As an expert in modern slavery intervention and as a small business owner, I am mindful of the potential for exploitation when opportunism turns sour and foreign workers are left unprotected; when their “do whatever it takes” mentality is not fully valued. I deeply value what people from other cultures have brought to Australia, and couldn’t imagine life without a multicultural flavour.
The article reminded me of my own experience in Spain a few years ago as a foreigner who strangely had full access to practically everything, courtesy of my UK Citizenship by Descent. Thanks to my British-born parents, I could live and work anywhere within the European Union, despite being born in Australia. Access is freedom.
Within a month of arriving in Madrid, I was granted permanent residency, a license to work, and free access to health care and a range of economic benefits should my situation become difficult. All I had to do was to learn language and the ‘system’, apply for work, and get to know what I didn’t know I needed to know (which I must say I didn’t quite master).

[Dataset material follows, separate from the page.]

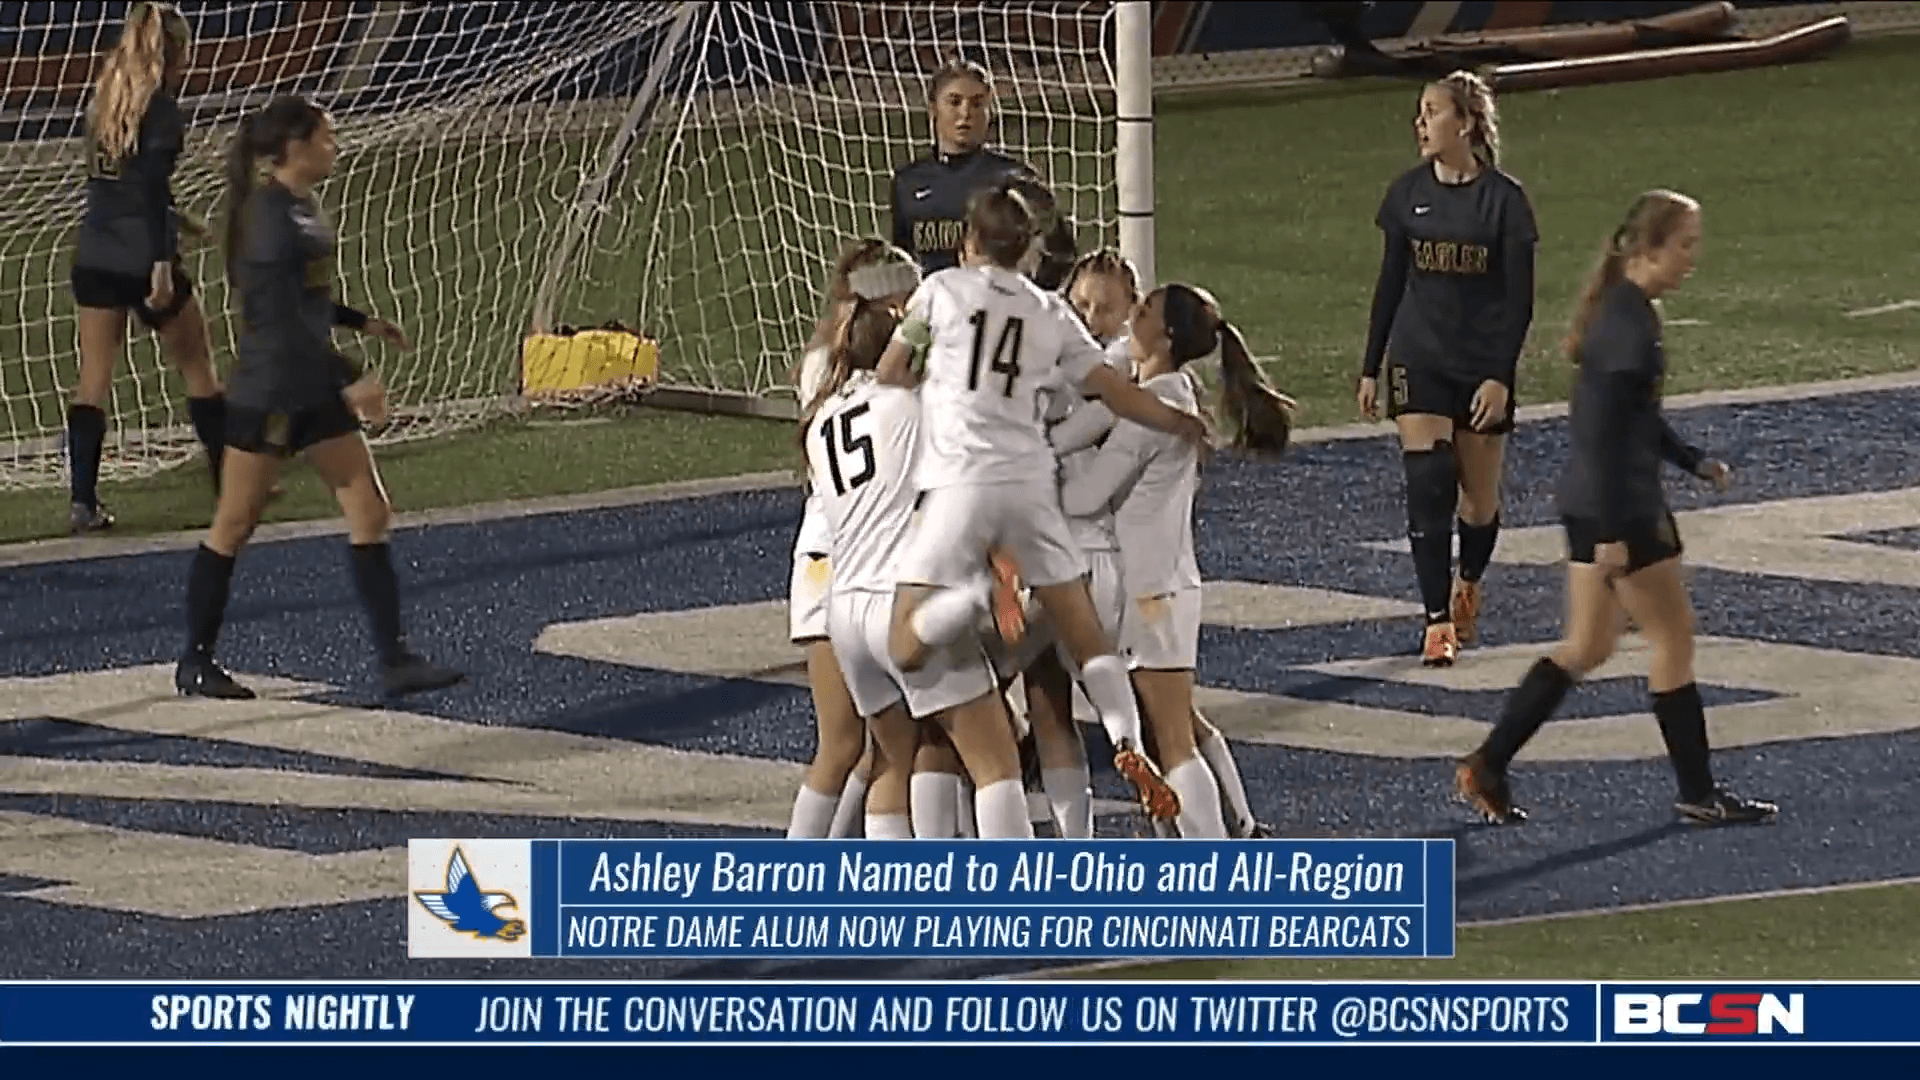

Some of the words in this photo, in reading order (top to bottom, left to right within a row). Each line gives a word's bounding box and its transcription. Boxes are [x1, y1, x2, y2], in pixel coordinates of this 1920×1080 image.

This contrasted greatly with a man I befriended there who was an asylum seeker from Congo-Brazzaville. His movements in Madrid were monitored daily by the federal police, who would hound him for his papers. Despite being a qualified and experienced maths teacher, his options for work and movements were very limited. To survive, he had to get up every morning at 4am to work in the fresh food markets to sort out the produce for the day’s trading. It took him 7 years to get temporary residency. Needless to say our experiences in this highly favoured country were poles apart.
While I appreciate all that the Australian government, federal and state, are doing to manage the current health and economic crisis, I cannot help but think we need to do more to honour those who come here to give, and give in ways that many in the privileged class that I am part of are not prepared to give. Yes, Australia is a ‘paradise’ that many foreigners only dream to experience, but I think we can provide a better deal for all who have no lineage here. If the public purse cannot support them (doubtful), what incentives could be given to say large corporations to sponsor their livelihood? I welcome your thoughts on how we can support the 1 million temporary visa holders who are currently shut out.